Abstract:
A temperature control system for a residential zoned forced air system which maintains programmed temperature setpoints for specific periods in each zone having hold, override, and vacation modes which can temporarily alter the programmed temperature setpoints and time periods for either individual zones or all zones until the next programmed time or the temporary modes are released.

Description:
BACKGROUND OF THE INVENTION 
     1. Field of the Invention 
     The present invention relates generally to a duct type air conditioning system for a multi-zone space, and more particularly, to a variable air quantity control system capable of regulating temperature in each zone independently of each other in accordance with a time and temperature schedule. 
     2. Description of the Prior Art 
     Conventional residential air conditioning systems (which can provide both heating and cooling) are typically controlled with a single thermostat. Accordingly, the one set point in the thermostat will cause the temperature in the vicinity of the thermostat to be controlled to the desired level, but in other parts of the residence the temperature can vary widely due to heat load through windows, shading of spaces, heat generated by people or equipment, and various other factors. Thus, certain places in homes require more or less temperature control than others. Upstairs areas have drastically different heating/cooling requirements than downstairs areas or basements. Bedroom areas need temperature control only at certain times of the day or night. Homes with large areas of glass present several problems for maintaining a comfortable temperature. Most residences have areas that are exposed to direct sunlight during certain hours. In both Summer and Winter, those zones require different levels of heating or cooling than other part zones of the home. With a single centrally-located thermostat it is impossible to have optimum temperatures in all zones/rooms at all times. In a zoned residence, however, individual zones with differing heating/cooling properties and hours of use can be kept at optimum temperatures. One zoning method uses separate heating and cooling units to maintain different comfort levels in different parts of the residence. However, each system uses its own thermostat which is centrally located in a zone to be maintained by the respective system, but, because the separate units do not function as a system, they may over lap in heating and cooling some areas and perform as two independent systems. 
     To overcome the added installation costs, added expense to operate, and the overlap problems with dual equipment zoned systems, the use of one heating and cooling unit with a series of thermostats in each room can be provided.

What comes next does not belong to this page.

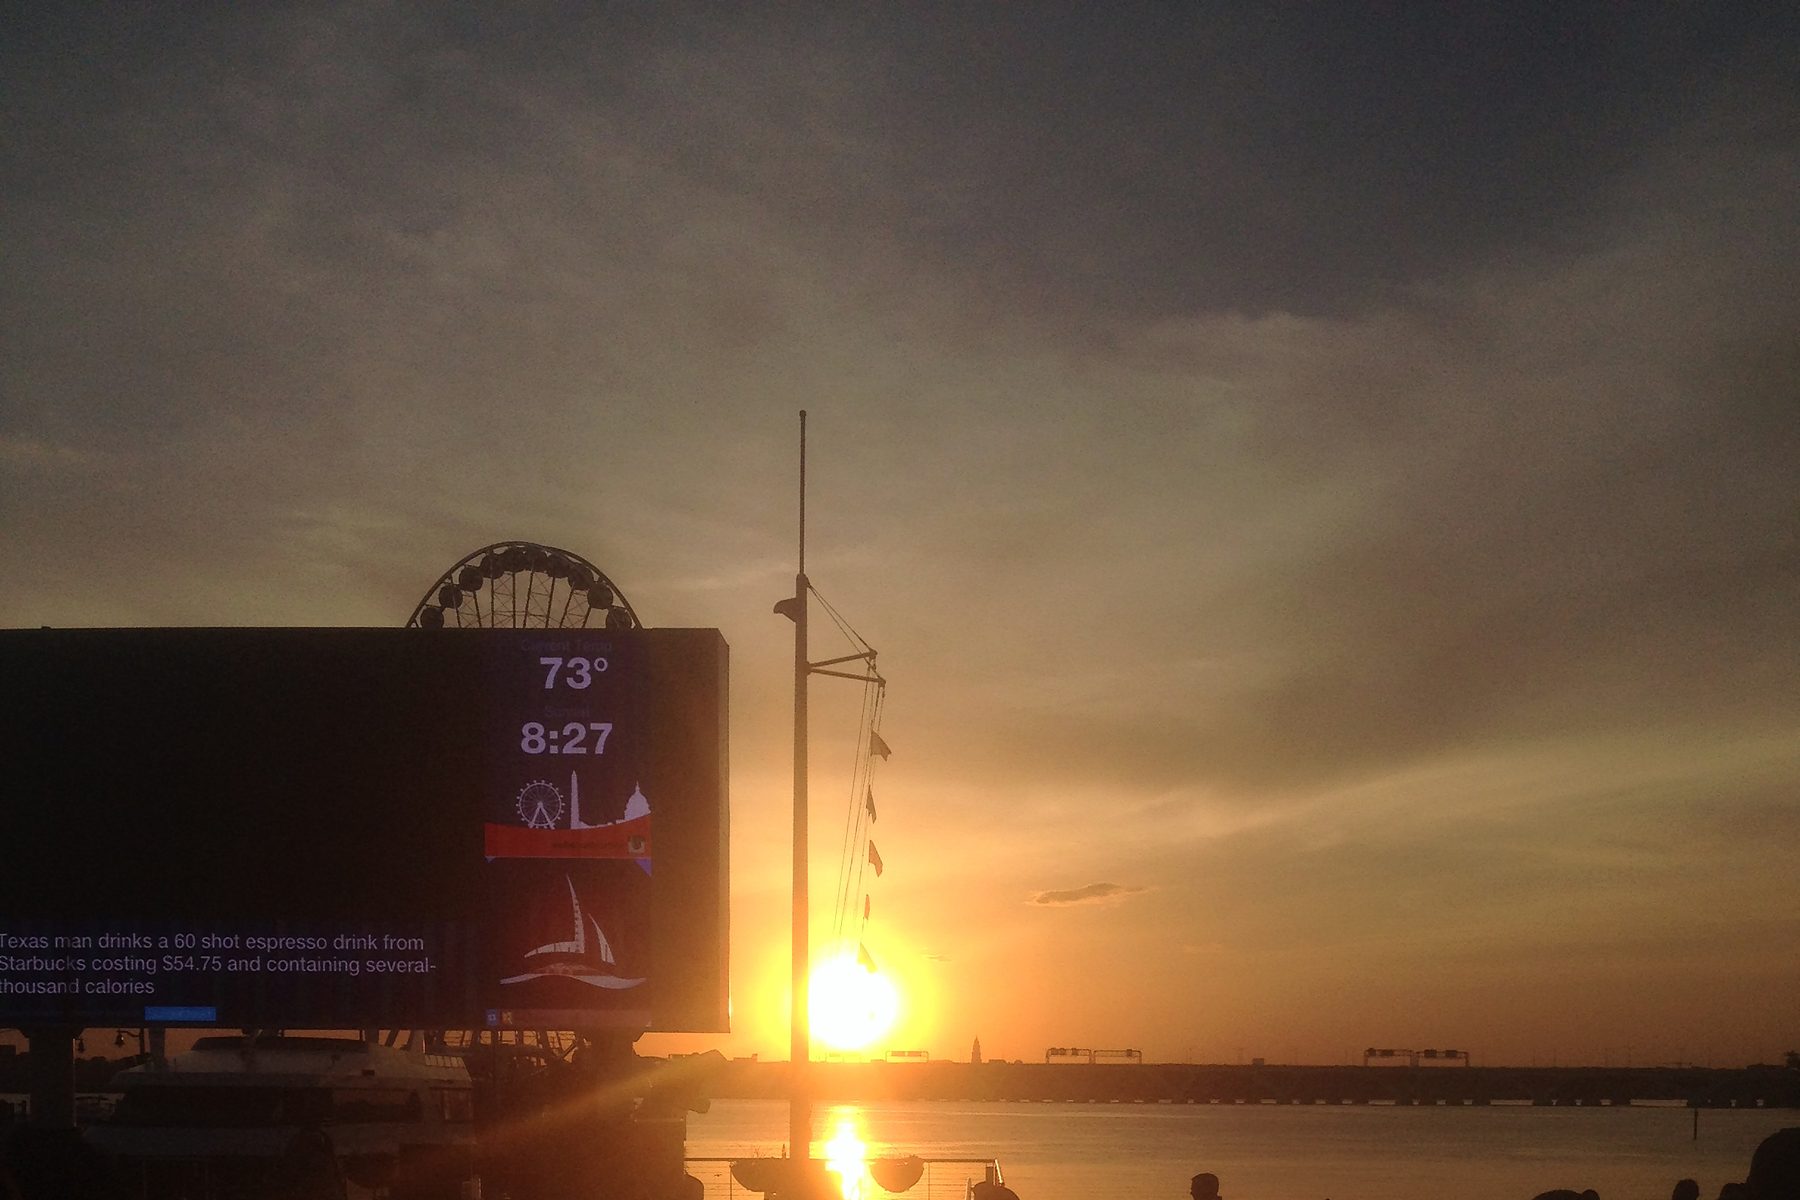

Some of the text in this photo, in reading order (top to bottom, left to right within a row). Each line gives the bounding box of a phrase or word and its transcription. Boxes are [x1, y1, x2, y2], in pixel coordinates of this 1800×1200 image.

[520, 721, 613, 755] 8:27
[0, 933, 424, 953] Texas man drinks a 60 shot espresso drink from
[0, 954, 437, 977] Starbucks costing $54.75 and containing several-
[0, 978, 156, 994] thousand calories

A single unit zoned system allows different parts of a residence to be controlled at different temperatures at different times by programming each thermostat in each zone for a desired temperature over a period of time. Although the one zoned heating and cooling unit offers cost savings, greater comfort, and greater flexibility by allowing the homeowner to set different temperatures throughout the house only during times of need or occupancy, these single heating and cooling units with multiple programmable thermostats also have some disadvantages. Conventional one heating and cooling zoned systems allow each individual thermostat to turn on the heating and cooling unit and operate the zone damper in the respective zones. In practice, this system is quite complicated to operate and inefficient because the several individual thermostats can turn the heating and cooling unit ON and OFF and each zone must be individually programmed for the desired temperature and schedule, and there is no central control. Often it is desirable to temporarily change a current setpoint in a single zone during the pre-set program period. Further, it is often desirable to temporarily prevent the current set point in a zone from changing with a pre-set program schedule. Still further, it is often desirable to temporarily change all zone setpoints and time schedules, e.g. during vacation periods. These problems require the user to re-program the controller for a short period and then re-program the controller again shortly thereafter to set in the original schedule. 

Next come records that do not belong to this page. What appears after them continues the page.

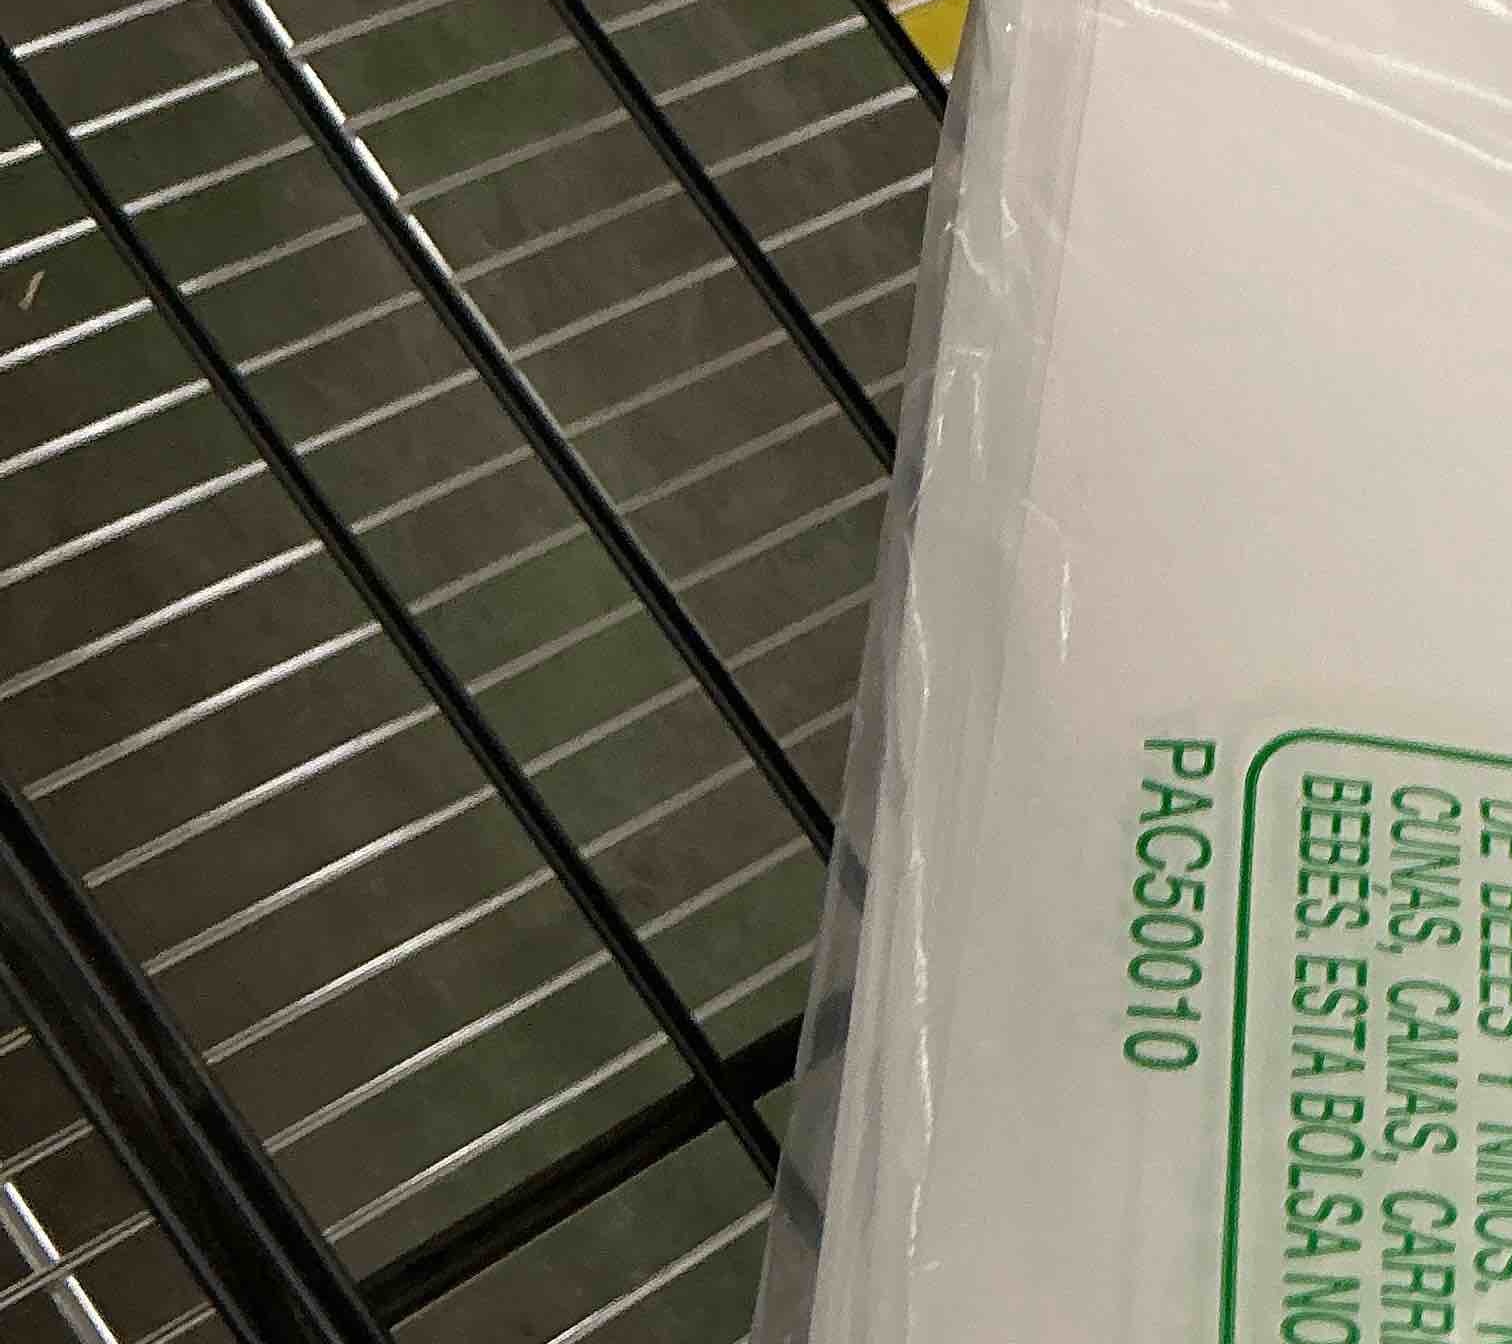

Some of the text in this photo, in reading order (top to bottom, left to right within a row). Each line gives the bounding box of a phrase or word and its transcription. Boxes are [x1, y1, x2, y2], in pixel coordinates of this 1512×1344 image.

[1122, 738, 1215, 1072] PAC50010
[1294, 773, 1387, 939] BEBÉS.
[1375, 786, 1462, 954] CUNAS,
[1291, 954, 1368, 1078] ESTA
[1372, 980, 1462, 1164] CAMAS,
[1283, 1093, 1367, 1259] BOLSA

     SUMMARY OF THE INVENTION 
     Therefore, it is an object of the present invention to provide an improved residential zone control system which would allow the desired temperature in a single of a zoned system to be overridden for one period of a schedule with re-programming the original schedule. 
     It is another object of the present invention to provide an improved residential control system which would allow a single zone of a zoned system to be held at the present temperature until the desired temperature schedule is again requested. 
     It is a further object of the present invention to provide an improved residential control system which would allow the desired temperature in all zones of a zoned system to be held at a common set point for an unspecified period of time and then allowed to return to an original schedule without re-programming the controller. 
     These and other objects of the present objective are attained by a one heating and cooling unit zoned system comprising a single master programmable thermostat for programming desired temperatures and schedules for a plurality of zones, a plurality of zone dampers controlling the desired temperature in a respective one of the zones, individual zone temperature measuring means for measuring the actual temperature in a respective zone and for overriding the desired temperature set point of the master thermostat in a respective zone for one period of a pre-set schedule. The master thermostat also causes the current setpoints of all zones to remain at the last setpoints entered for as long as it is desired not to allow the current setpoints to change with time, but then to release the hold on all set points to the original programmed schedule. The master thermostat also allows the current set points and schedules for all zones to be &#34;set-back&#34; simultaneously until release to the original programmed schedule. 
    
    
     BRIEF DESCRIPTION OF THE DRAWINGS 
     Still other objects and advantages of the present invention will be apparent from the following detailed description in conjunction with the accompanying drawings in which reference numerals designate like or corresponding parts throughout the same, in which: 
     FIG. 1 is a schematic illustration of a residential zone duct type air conditioning system and a control therefore according to the principles of the present invention; and 
     FIG. 2 is a block diagram of the control according to the principles of the present invention. 
    
    
     DESCRIPTION OF THE PREFERRED EMBODIMENT 
     Referring to FIG. 1, the various components of a duct type air conditioning system for a multi-zone residence are shown together with their controls which are adapted to operate in accordance with the present invention. A plurality of zones in which the temperature is to be controlled is schematically illustrated as a space or room generally designated by numeral 10a,b,c,n, and defined by walls, floors, ceilings, and the like with a supply air register 12a,b,c,n, or other device, provided for supplying conditioned air to each zone. A supply duct system 11 is connected to each register 12 and includes a segment of branch duct 14a,b,c,n, incorporated into the supply duct 11 to control the flow of conditioned air into each space or zone 10. A master thermostat generally designated as numeral 16a, and a plurality of slave thermostats/temperature sensor devices generally designated by numeral 16b,c,n are mounted on suitable surfaces, such as a wall surface, or the like, in the respective zones 10 to be controlled for modulating a damper blade 18a,b,c,n in the branch duct 14 thereby controlling the inflow of conditioned air into the respective zones 10.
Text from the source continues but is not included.